Actors are famously described as tempestuous, over-emotional, irrational hotheads. The old stereotype of the actor swooping into the room with a beret, or a flowing scarf, and erupting in a fit of anger, or laughter, or tears has been trotted out on TV, in movies, and even on stage. "They're so dramatic!" people often say.
I'm here to tell you it's not true. Well, not any more true than it is in any other business.
There are hotheads everywhere, in every profession. Overflowing work emotion can turn the most calm and rational employee into a volcano. Perhaps it's a pressing deadline, or hard financial times in the company, or an especially harsh review. It's easy to lose it when work emotion runs high.
I can recall a specific incident in the theatre that threatened to turn me into a hothead. A few years back, I was doing an incredibly difficult play. A multi-character performance, full of quick changes, very fast paced, and physically demanding. And shortly before opening, I wasn't getting it. At all.
Actors often receive notes in a public setting; in front of other cast members, designers, and management team members. In this particular note session, days before opening, nearly every note was for me. I could feel the hurt, frustration, and embarrassment building up, and I could feel my responses becoming shorter, more snippy. I was dangerously on the edge!
Then, a lucky thing happened. A switch flipped in my head that told me it was time to diffuse the situation. Instead of getting frustrated with my director or my colleagues, I asked if we could discuss my questions in private after the session. Of course, my director gladly agreed. I was able to take a time out from the emotion, reassess my questions, and get the guidance I needed. Because I was able to process, rather than blow up and lose it, I not only maintained my working relationships, but created a successful performance, as well.

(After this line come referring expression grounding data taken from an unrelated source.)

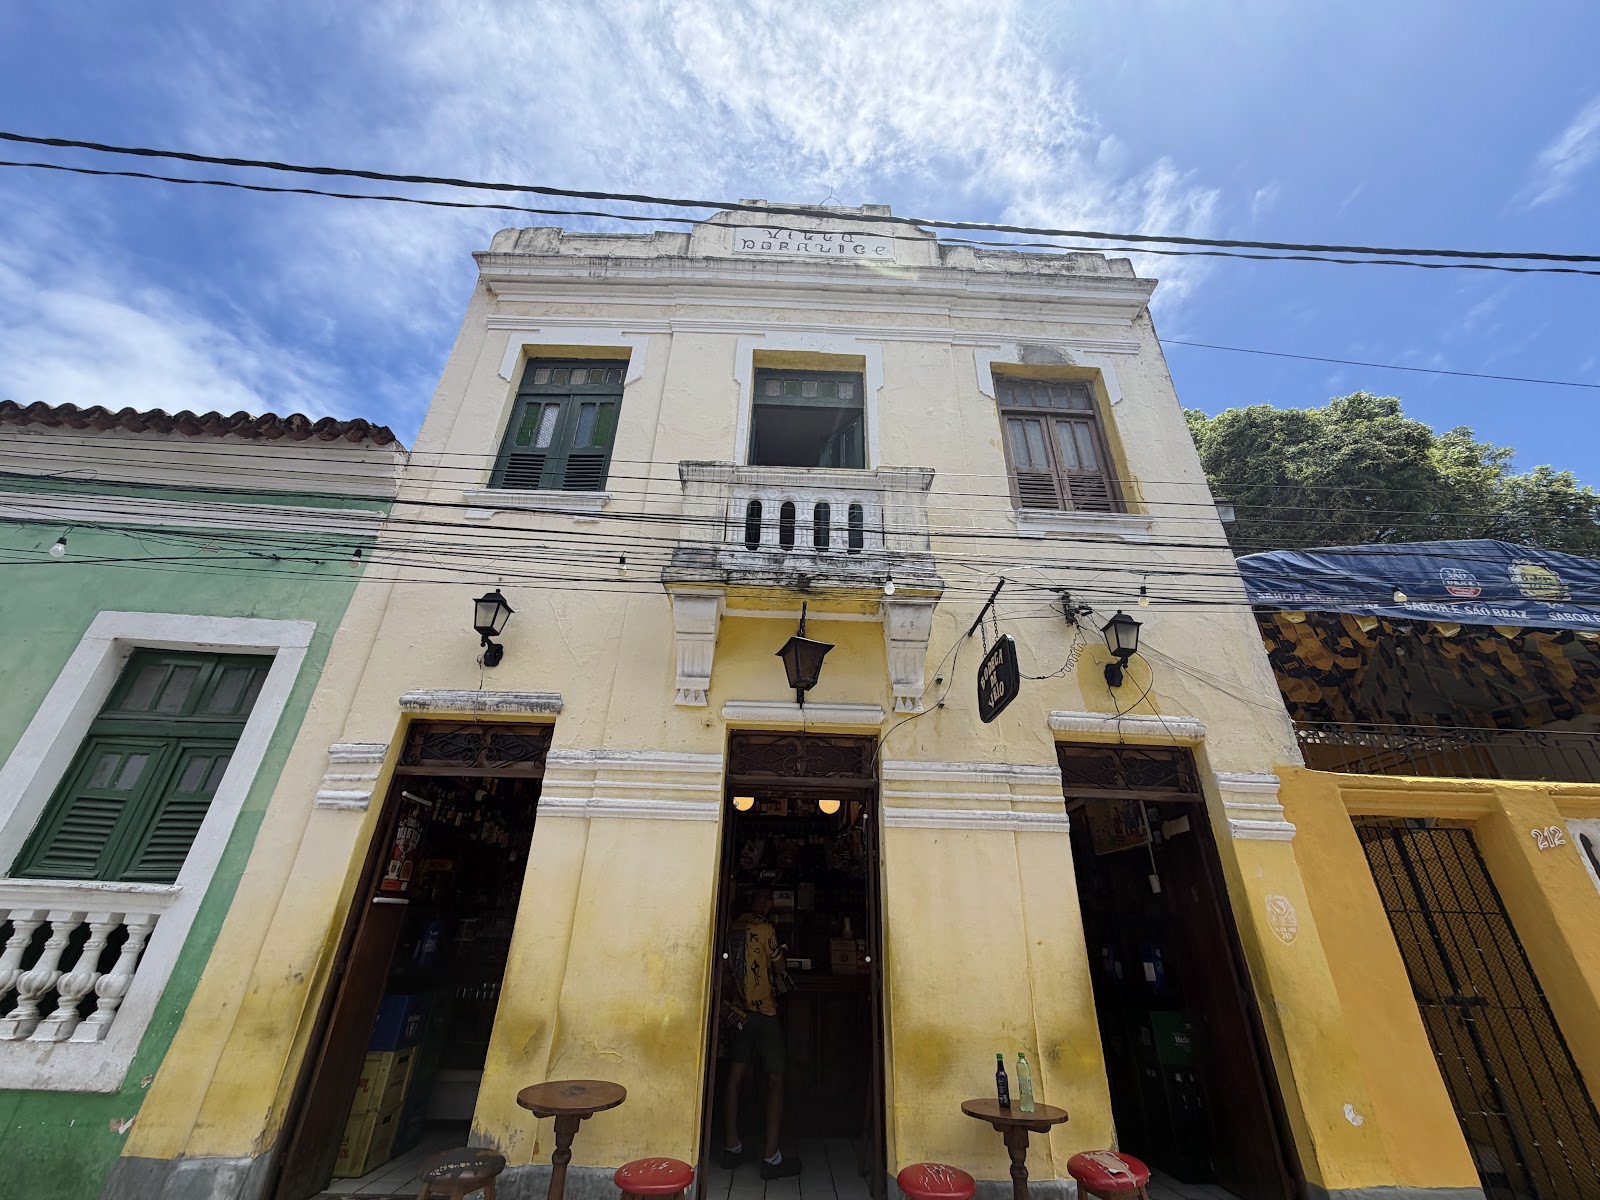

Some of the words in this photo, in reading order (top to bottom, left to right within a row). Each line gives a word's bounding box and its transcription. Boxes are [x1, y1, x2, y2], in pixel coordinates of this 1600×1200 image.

[1404, 602, 1450, 613] SABOR
[1491, 608, 1531, 619] BRAZ
[1548, 612, 1595, 622] SABOR
[980, 649, 1003, 690] BODEGA
[1530, 825, 1566, 852] 212

We face challenges of some sort every day in the office, regardless of what that particular office may look like. It is incredibly important to be able to step back and cool the hotheads when work emotion runs high, whether that hothead is attached to your own shoulders or that of your co-workers.
Here are 4 Emotionally Intelligent tips to help you keep calm in situations where emotions run high:
1. Be honest with yourself about what you're feeling: When you feel your temper begin to rise, before you blow a gasket, ask yourself what you're really upset about. Are you feeling hurt because a project you put a lot of time into has been dismissed? Frustrated because you don't have time to accomplish what's being asked of you? Jealous of a co-worker's recognition? Be honest with yourself about the core of what you're feeling. Simply taking a moment to breathe and take things out of context will give you valuable assessment time, and help you avoid taking things out on the wrong person.

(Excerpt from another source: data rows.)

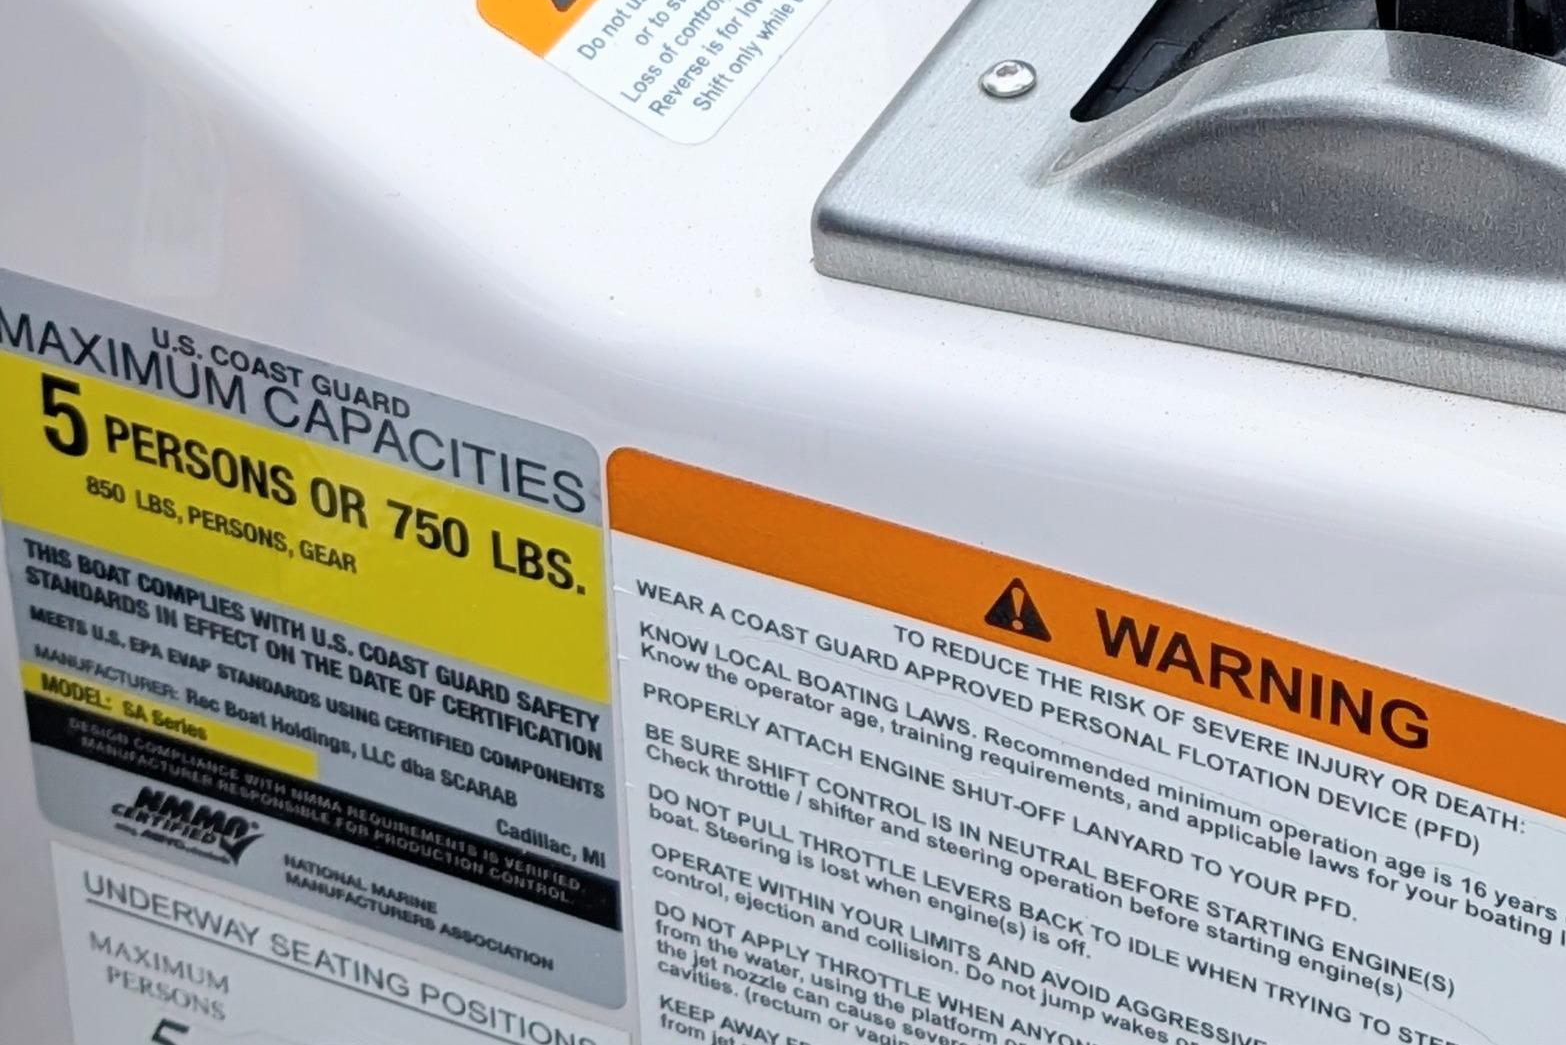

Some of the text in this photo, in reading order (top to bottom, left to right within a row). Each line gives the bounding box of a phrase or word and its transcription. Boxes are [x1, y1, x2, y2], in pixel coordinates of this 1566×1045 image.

[576, 37, 606, 60] Do
[601, 8, 632, 37] not
[620, 65, 663, 103] Loss
[659, 42, 678, 64] of
[635, 26, 654, 46] or
[648, 11, 670, 28] to
[648, 56, 710, 117] Reverse
[701, 40, 724, 56] is
[716, 16, 743, 40] for
[692, 73, 734, 111] Shift
[729, 41, 763, 74] only
[756, 3, 795, 40] while
[0, 305, 586, 513] MAXIMUM CAPACITIES
[152, 327, 410, 419] U.S. COAST GUARD
[41, 373, 585, 595] 5 PERSONS OR 750 LBS.
[86, 475, 357, 574] 850 LBS, PERSONS, GEAR
[23, 538, 600, 733] THIS BOAT COMPLIES WITH U.S. COAST GUARD SAFETY
[25, 565, 603, 761] STANDARDS IN EFFECT ON THE DATE OF CERTIFICATION
[1096, 607, 1429, 750] WARNING
[30, 605, 605, 799] MEETS U.S. EPA EVAP STANDARDS USING CERTIFIED COMPONENTS
[34, 644, 518, 808] MANUFACTURER: Rec Boat Holdings, LLC dba SCARAB
[41, 672, 207, 741] MODEL: SA Series
[636, 579, 1479, 856] WEAR A COAST GUARD APPROVED PERSONAL FLOTATION DEVICE (PFD)
[894, 625, 1524, 833] TO REDUCE THE RISK OF SEVERE INJURY OR DEATH:
[640, 621, 709, 656] KNOW
[715, 644, 791, 682] LOCAL
[798, 669, 899, 713] BOATING
[906, 701, 977, 738] LAWS.
[984, 726, 1150, 792] Recommended
[1157, 783, 1261, 827] minimum
[1269, 819, 1377, 864] operation
[1385, 856, 1426, 879] age
[1434, 867, 1452, 887] is
[1461, 877, 1487, 899] 16
[1494, 890, 1557, 921] years
[641, 642, 700, 673] Know
[705, 663, 738, 685] the
[744, 678, 835, 714] operator
[840, 707, 884, 733] age,
[890, 719, 973, 762] training
[980, 749, 1131, 810] requirements,
[1138, 799, 1179, 822] and
[1186, 815, 1302, 861] applicable
[1309, 848, 1359, 879] laws
[1367, 868, 1399, 891] for
[1405, 883, 1459, 910] your
[1465, 898, 1553, 945] boating
[643, 682, 1356, 921] PROPERLY ATTACH ENGINE SHUT-OFF LANYARD TO YOUR PFD.
[284, 854, 437, 914] NATIONAL MARINE
[496, 818, 606, 869] Cadillac, MI
[84, 871, 260, 946] UNDERWAY
[270, 933, 410, 998] SEATING
[89, 931, 229, 994] MAXIMUM
[285, 871, 554, 971] MANUFACTURERS ASSOCIATION
[106, 965, 226, 1021] PERSONS

2. Be honest about what you need: That said, there is no need to simply swallow and ignore your feelings. If you find that you have a legitimate work need, calmly ask for it rather than losing your cool: "We're going to have to talk about timelines for this upcoming project. I would like to make my goals attainable." or "I put a lot of time into that project. Can we discuss the good and bad offline so I can learn for next time, rather than dismissing it all together?" Work through problems, rather than throwing a fit and leaving.
3. Take co-workers needs into account, too: Notice the warning signs of a co-worker ready to lose it! Closed-off body language, "commentary-laden" exhalations of breath, escalating volume or sharpness or speech are all (obvious!) signs that a colleague may be having a hard time. Take that into account. A small break in the proceedings can go a long way. So can a simple question: "John, it looks like you're having a hard time with this. What can we do to make you feel positive about this discussion?"
4. Location, location, location: Don't be afraid to take things off-line and away from the group if you need. Just like my director and I did in the infamous note session, be willing to step away from a public setting if things get heated. We are all used to collaboration and group criticism and assessment — it comes with the territory. But remember, you can always take a discussion off-line, away from the group, if you're in danger of losing it. Cooling one hothead is often to the benefit of all.